[Supplied material — start]

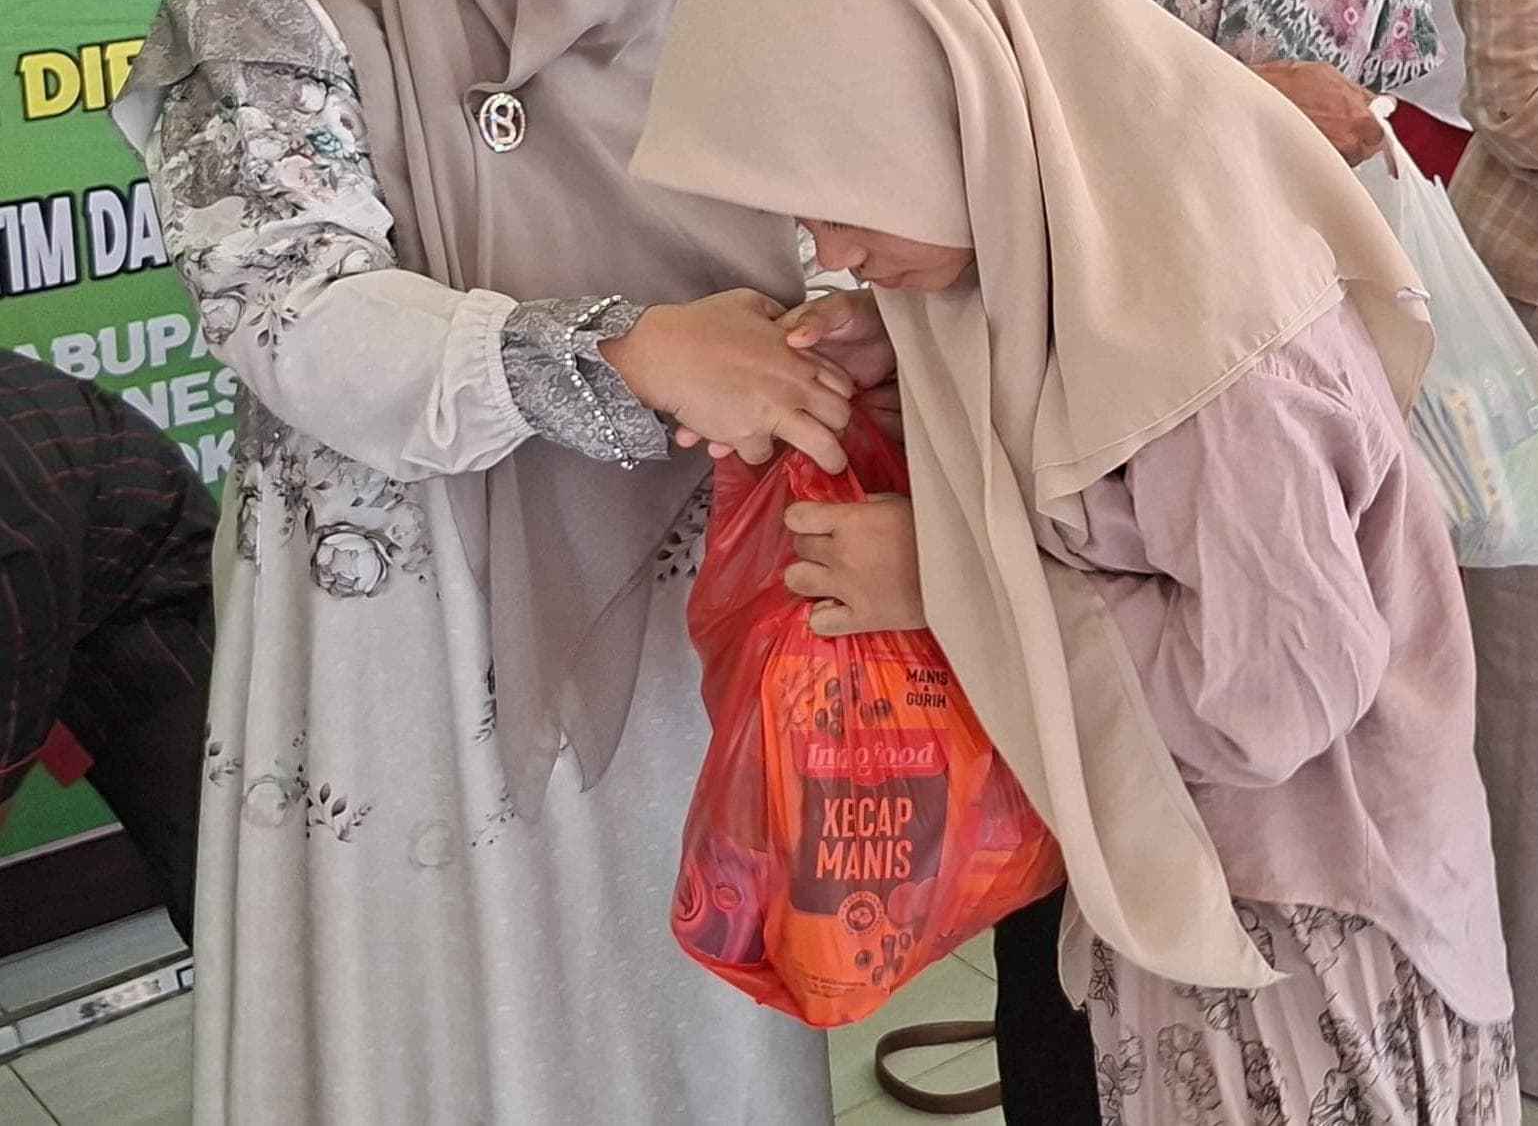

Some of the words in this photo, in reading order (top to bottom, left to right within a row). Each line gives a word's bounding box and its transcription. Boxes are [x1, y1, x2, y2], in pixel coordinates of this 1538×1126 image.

[0, 195, 78, 294] IM
[13, 313, 209, 380] BUP
[906, 667, 949, 686] MANIS
[906, 692, 947, 708] GURIH
[822, 797, 913, 837] KECAP
[815, 839, 913, 880] MANIS
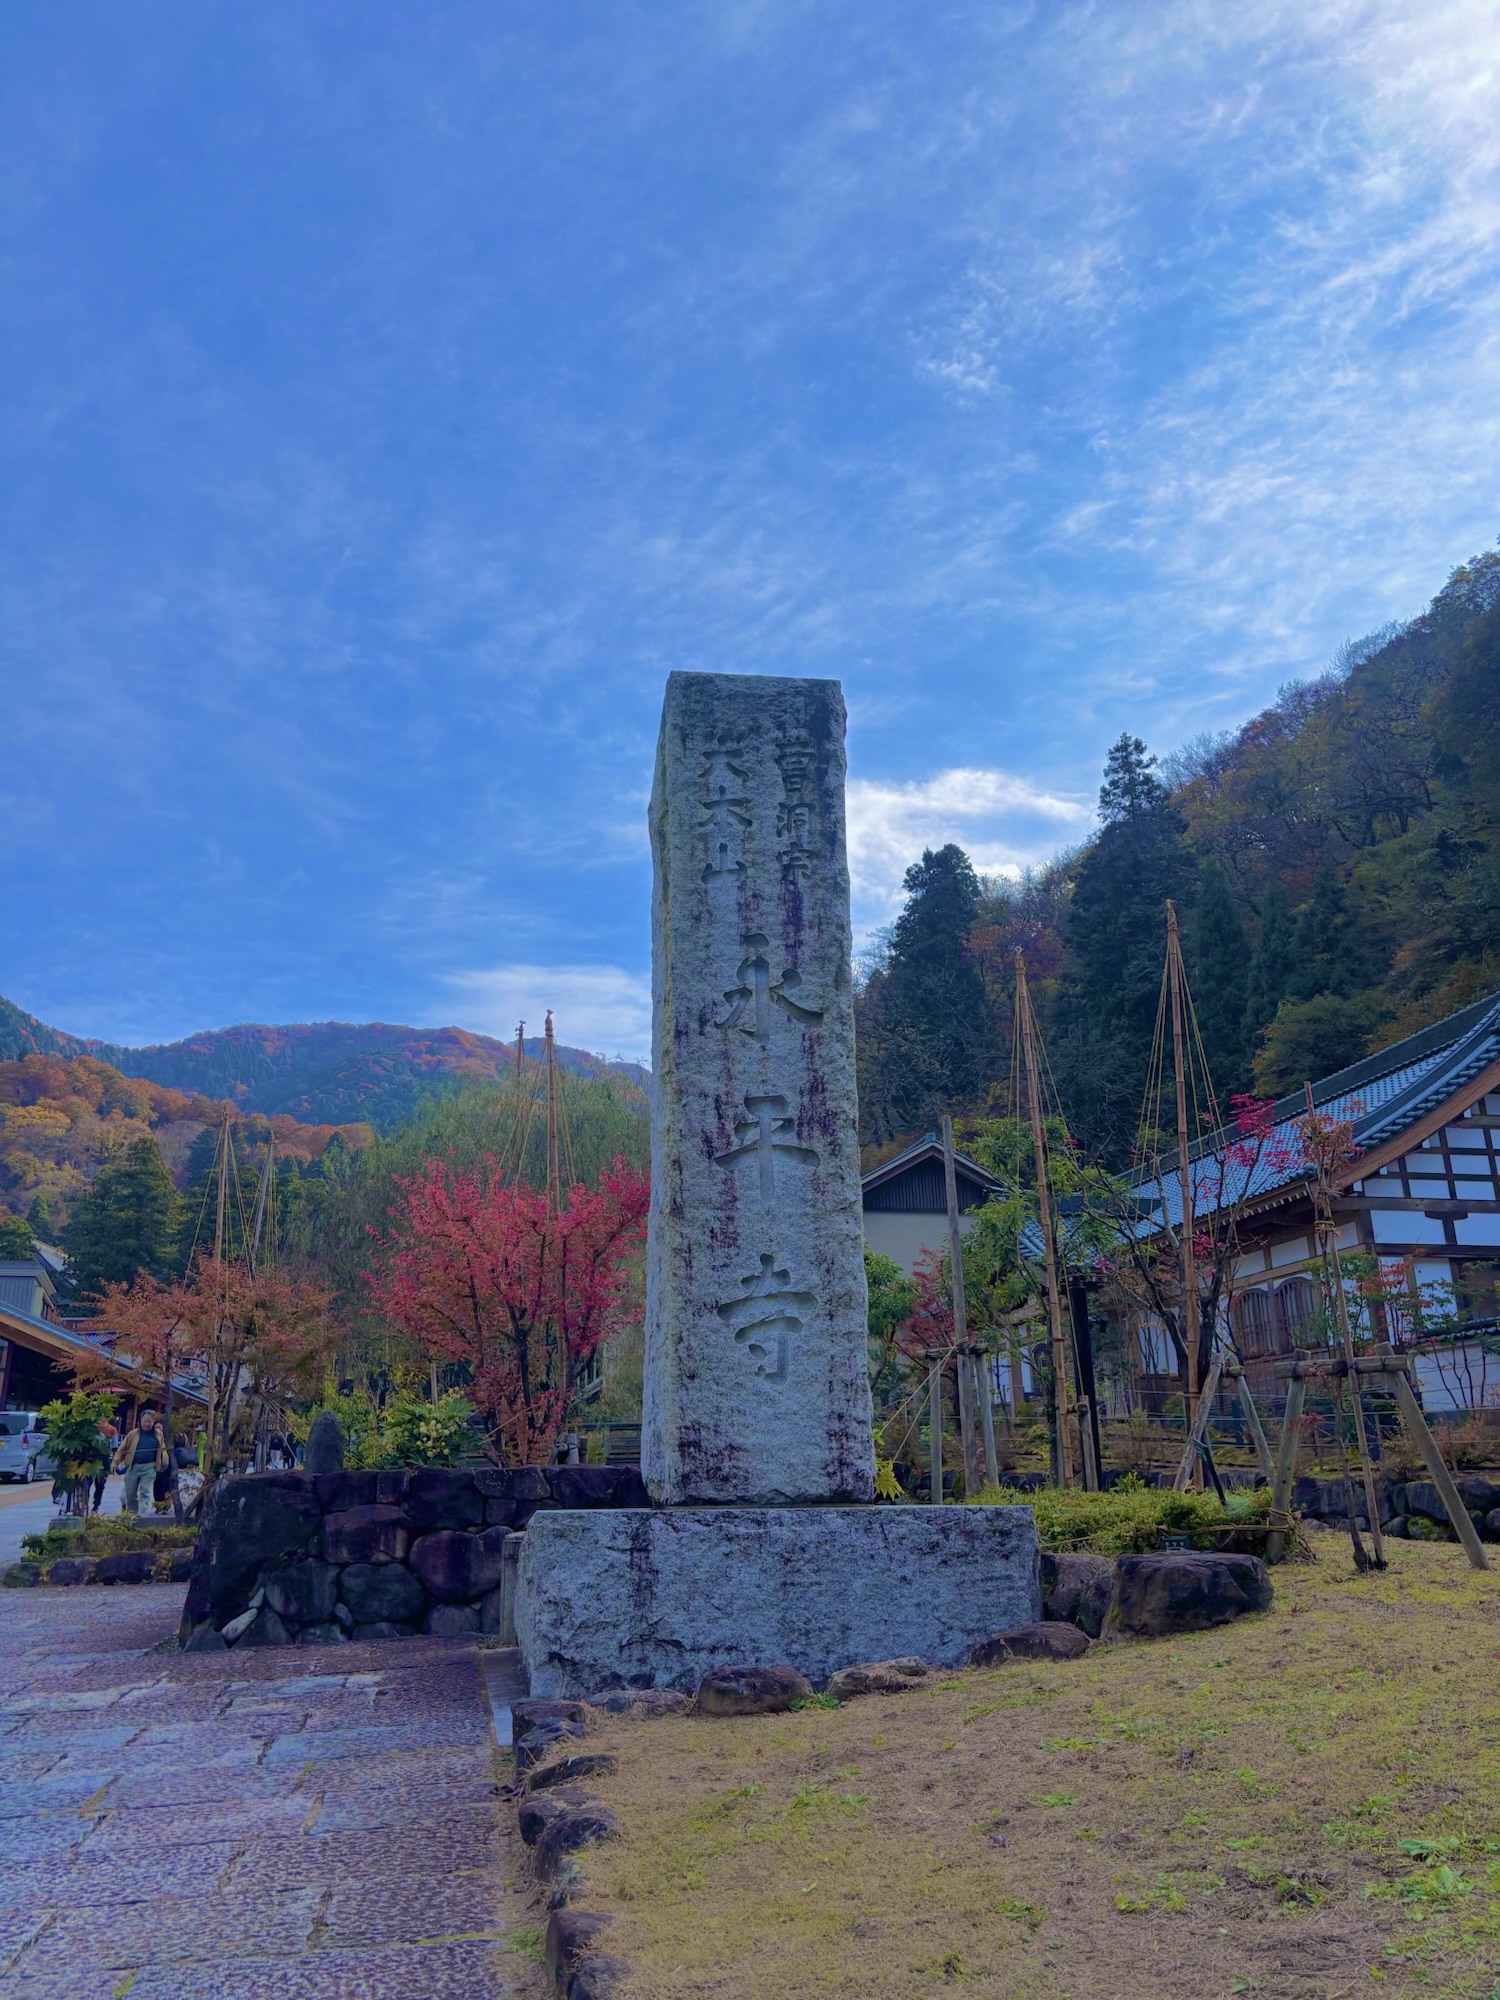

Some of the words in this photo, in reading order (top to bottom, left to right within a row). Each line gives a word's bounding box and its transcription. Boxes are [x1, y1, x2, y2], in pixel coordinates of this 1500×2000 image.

[697, 733, 754, 885] 大本山
[774, 737, 820, 883] 曹洞宗
[713, 932, 825, 1387] 永平寺
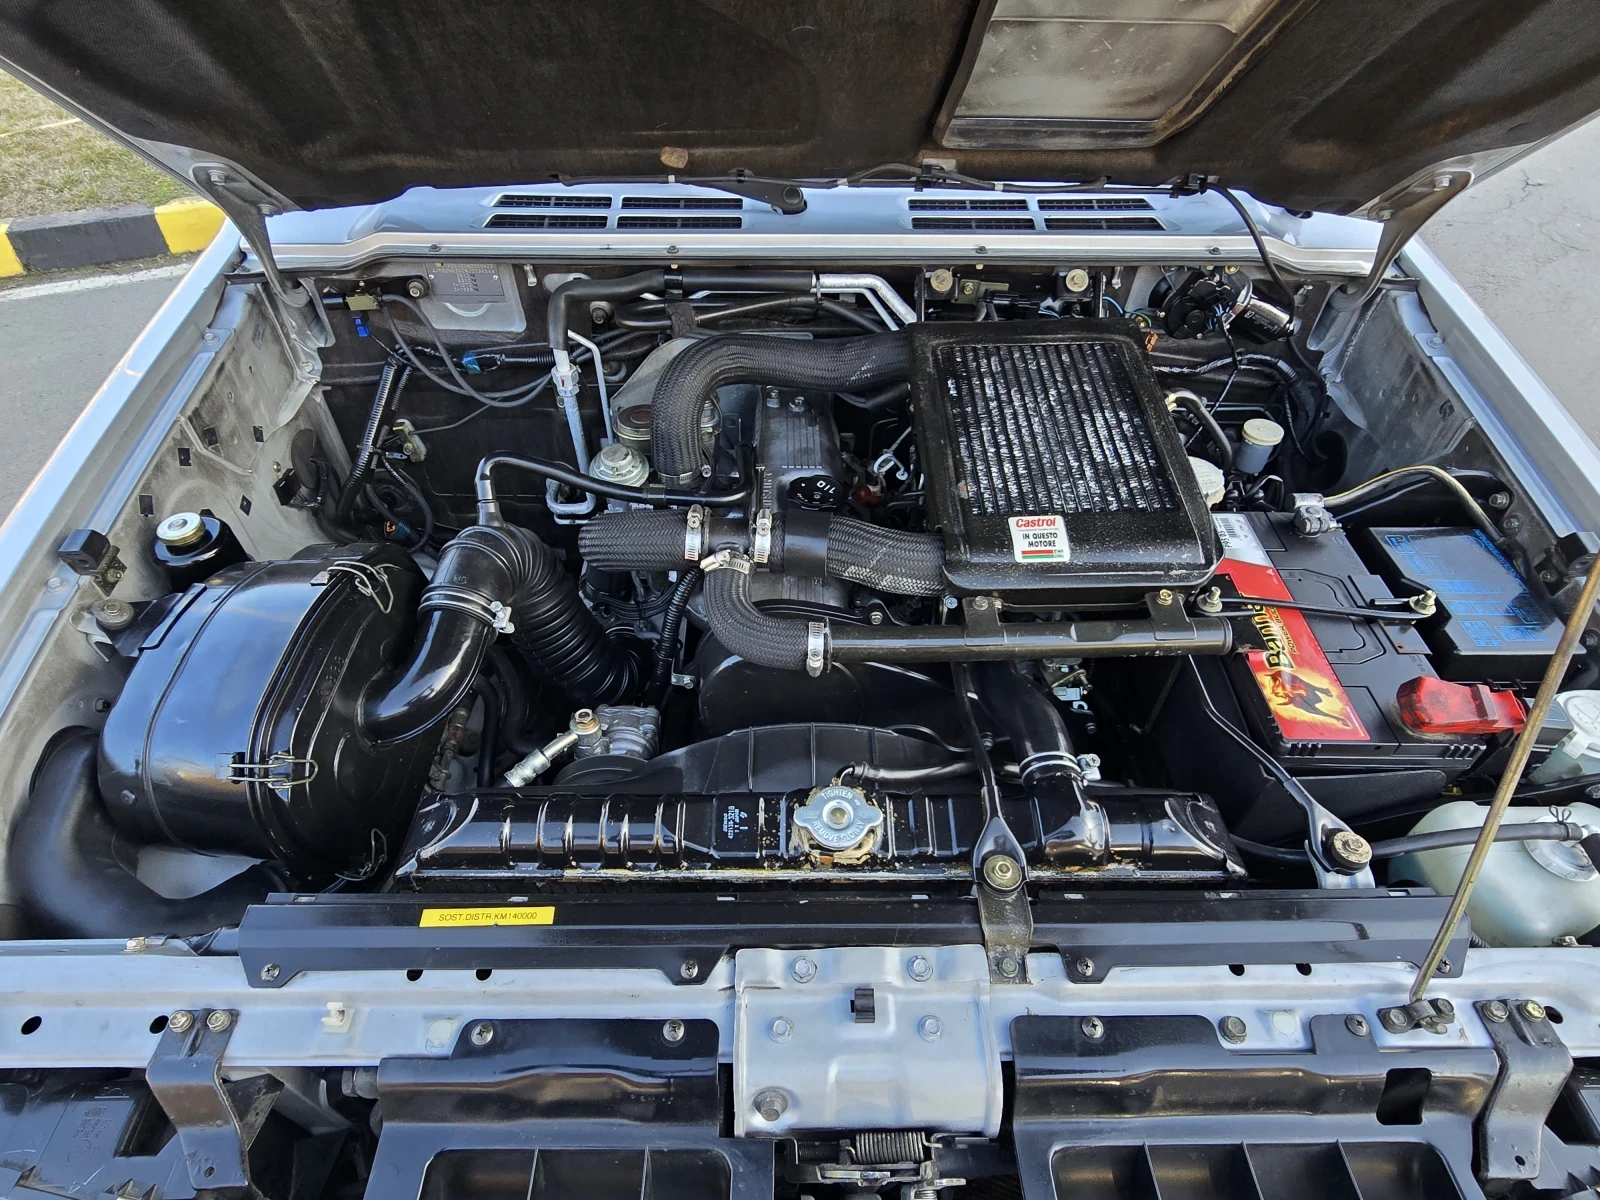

[Supplied material — finish]

The expected output is an exact retyping of the lines from the line with "this 1500×2000 image." through the last line of the data, with both ends kept and the pictures dropped.

Some of the words in this photo, in reading order (top to bottom, left to right within a row). Each line gives a word's bounding box and its transcription. Boxes are [x1, y1, x2, y2], in pixel coordinates of this 1500×2000 image.

[697, 733, 754, 885] 大本山
[774, 737, 820, 883] 曹洞宗
[713, 932, 825, 1387] 永平寺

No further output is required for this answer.